On Top and Beneath Ryōgoku Bridge (両国橋上下 Ryōgoku-bashi ue-shita) is a picture made up of six prints designed by the Japanese ukiyo-e artist Utamaro and published in c. 1795–96. The scene depicts numerous people—mainly elegantly dressed women of various social classes—on outings at Ryōgoku Bridge over the Sumida River in Edo (modern Tokyo). At about 75 × 60 cm, the assembled set is the earliest known ukiyo-e picture of such an extravagant size.

==Background==

Ukiyo-e art flourished in Japan during the Edo period from the 17th to 19th centuries, and took as its primary subjects courtesans, kabuki actors, and others associated with the "floating world" lifestyle of the pleasure districts. Alongside paintings, mass-produced woodblock prints were a major form of the genre. In the mid-18th century full-colour nishiki-e prints became common, printed using a large number of woodblocks, one for each colour. A prominent genre was bijin-ga ("pictures of beauties"), which depicted most often courtesans and geisha at leisure, and promoted the entertainments of the pleasure districts.
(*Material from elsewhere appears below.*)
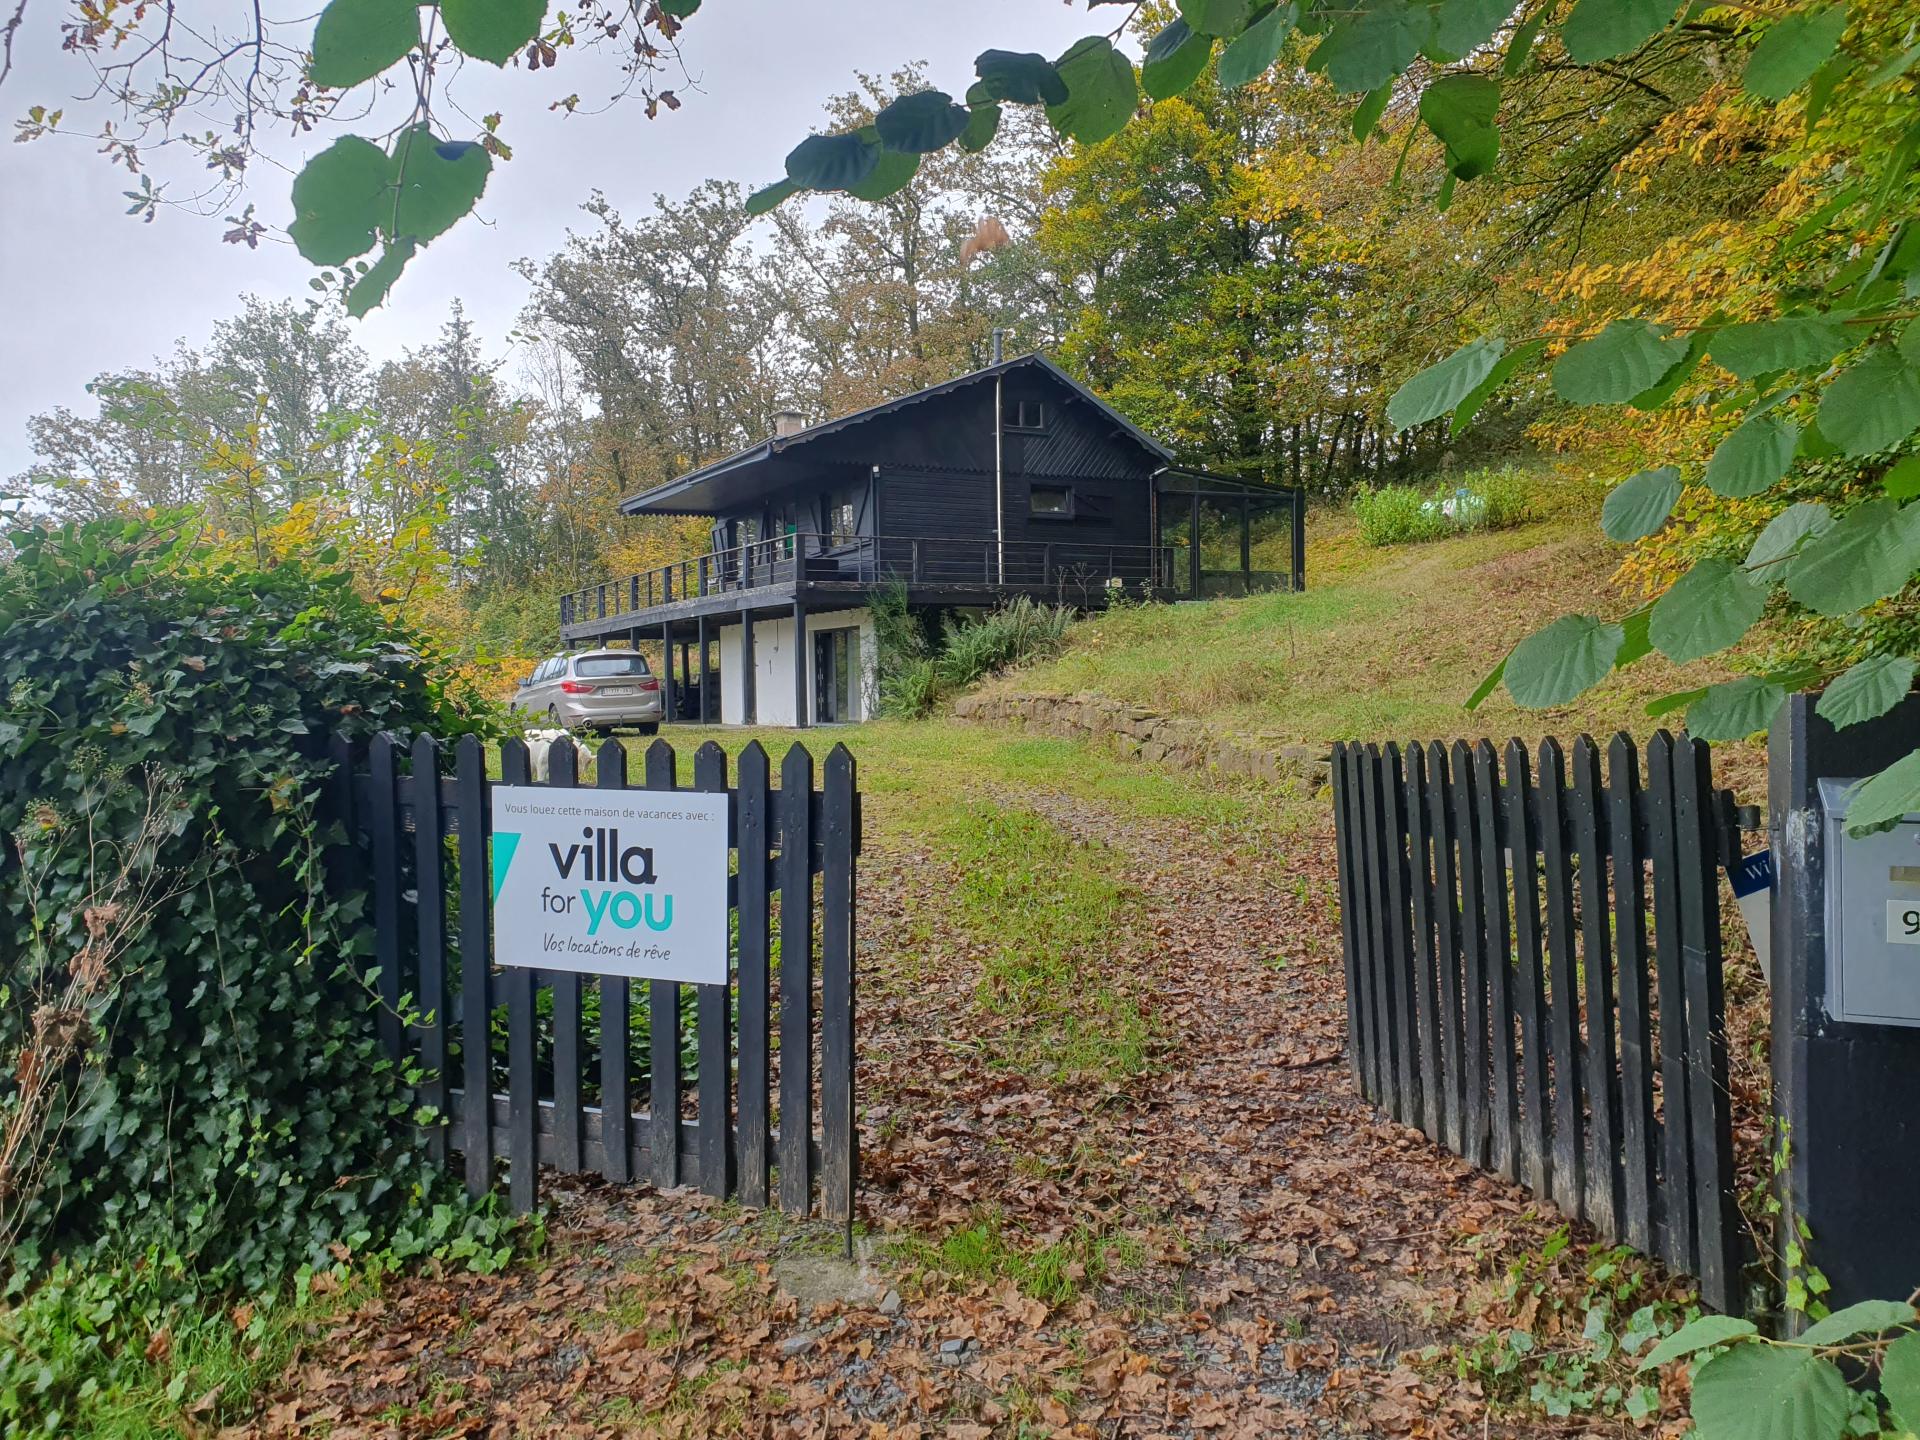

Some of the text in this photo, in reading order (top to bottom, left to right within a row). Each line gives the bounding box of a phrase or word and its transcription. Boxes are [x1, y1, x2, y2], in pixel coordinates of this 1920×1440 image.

Kitagawa Utamaro (c. 1753–1806) made his name in the 1790s with his bijin ōkubi-e ("large-headed pictures of beautiful women") portraits, focusing on the head and upper torso, a style others had previously employed in portraits of kabuki actors. Utamaro experimented with line, colour, and printing techniques to bring out subtle differences in the features, expressions, and backdrops of subjects from a wide variety of class and background. Utamaro's individuated beauties were in sharp contrast to the stereotyped, idealized images that had been the norm.

The Sumida River flowed through eastern Edo (modern Tokyo). Ryōgoku Bridge was the largest bridge over the river in this heavily populated and thriving urban centre. Its name translates as "bridge of the two provinces", as it was built to connect the provinces of Musashi Province, in which Edo lay, and Shimōsa.

==Publication==

The prints bear no title, and different titles are given in different sources in both Japanese and English. The set was published in c. 1795–96 by Ōmiya Gonkurō, (Note: On the Japanese calendar, the print appeared in c. Kansei 7 or 8.) whose seal (近江屋権九郎) appears on each print. Each bears the signature Utamaro hitsu (歌麿筆, "The brush of Utamaro").

Copies of the set or members of it are in the collections of the British Museum, the Guimet Museum, the Museum of Fine Arts, Boston, the Art Institute of Chicago, the Metropolitan Museum of Art, and the Tokyo National Museum.

==Description==

The picture is made up of six prints arranged in two tiers of three. Each is a vertical, multicoloured nishiki-e "brocade print" in ōban size—about 25 × 30 cm per print. There is no known earlier example of such an extravagantly large print. The prints were designed so that each could also stand alone.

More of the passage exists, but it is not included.